The full set of records is to be reproduced verbatim.

> **Referring expression grounding data**
%%

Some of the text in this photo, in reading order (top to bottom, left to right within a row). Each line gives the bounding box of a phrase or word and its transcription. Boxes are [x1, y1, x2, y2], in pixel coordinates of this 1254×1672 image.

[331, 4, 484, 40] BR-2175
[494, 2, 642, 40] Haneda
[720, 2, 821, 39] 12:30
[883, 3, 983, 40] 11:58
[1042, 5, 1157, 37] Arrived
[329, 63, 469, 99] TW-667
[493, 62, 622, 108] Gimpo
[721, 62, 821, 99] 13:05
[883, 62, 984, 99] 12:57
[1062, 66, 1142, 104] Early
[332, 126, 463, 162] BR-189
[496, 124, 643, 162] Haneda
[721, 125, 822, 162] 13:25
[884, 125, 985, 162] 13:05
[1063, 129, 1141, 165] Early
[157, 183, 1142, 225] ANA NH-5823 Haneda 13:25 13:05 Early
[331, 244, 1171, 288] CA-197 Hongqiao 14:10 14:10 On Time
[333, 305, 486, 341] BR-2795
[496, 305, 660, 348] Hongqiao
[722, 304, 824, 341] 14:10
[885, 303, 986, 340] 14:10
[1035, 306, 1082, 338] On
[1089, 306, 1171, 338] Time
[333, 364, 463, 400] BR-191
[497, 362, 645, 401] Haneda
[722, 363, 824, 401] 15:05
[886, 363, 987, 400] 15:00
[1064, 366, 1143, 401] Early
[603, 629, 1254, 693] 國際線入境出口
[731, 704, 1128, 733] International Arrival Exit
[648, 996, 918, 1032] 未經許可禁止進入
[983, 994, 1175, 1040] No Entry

%%

> **Solution to this exercise**
Some of the text in this photo, in reading order (top to bottom, left to right within a row). Each line gives the bounding box of a phrase or word and its transcription. Boxes are [x1, y1, x2, y2], in pixel coordinates of this 1254×1672 image.

[331, 4, 484, 40] BR-2175
[494, 2, 642, 40] Haneda
[720, 2, 821, 39] 12:30
[883, 3, 983, 40] 11:58
[1042, 5, 1157, 37] Arrived
[329, 63, 469, 99] TW-667
[493, 62, 622, 108] Gimpo
[721, 62, 821, 99] 13:05
[883, 62, 984, 99] 12:57
[1062, 66, 1142, 104] Early
[332, 126, 463, 162] BR-189
[496, 124, 643, 162] Haneda
[721, 125, 822, 162] 13:25
[884, 125, 985, 162] 13:05
[1063, 129, 1141, 165] Early
[157, 183, 1142, 225] ANA NH-5823 Haneda 13:25 13:05 Early
[331, 244, 1171, 288] CA-197 Hongqiao 14:10 14:10 On Time
[333, 305, 486, 341] BR-2795
[496, 305, 660, 348] Hongqiao
[722, 304, 824, 341] 14:10
[885, 303, 986, 340] 14:10
[1035, 306, 1082, 338] On
[1089, 306, 1171, 338] Time
[333, 364, 463, 400] BR-191
[497, 362, 645, 401] Haneda
[722, 363, 824, 401] 15:05
[886, 363, 987, 400] 15:00
[1064, 366, 1143, 401] Early
[603, 629, 1254, 693] 國際線入境出口
[731, 704, 1128, 733] International Arrival Exit
[648, 996, 918, 1032] 未經許可禁止進入
[983, 994, 1175, 1040] No Entry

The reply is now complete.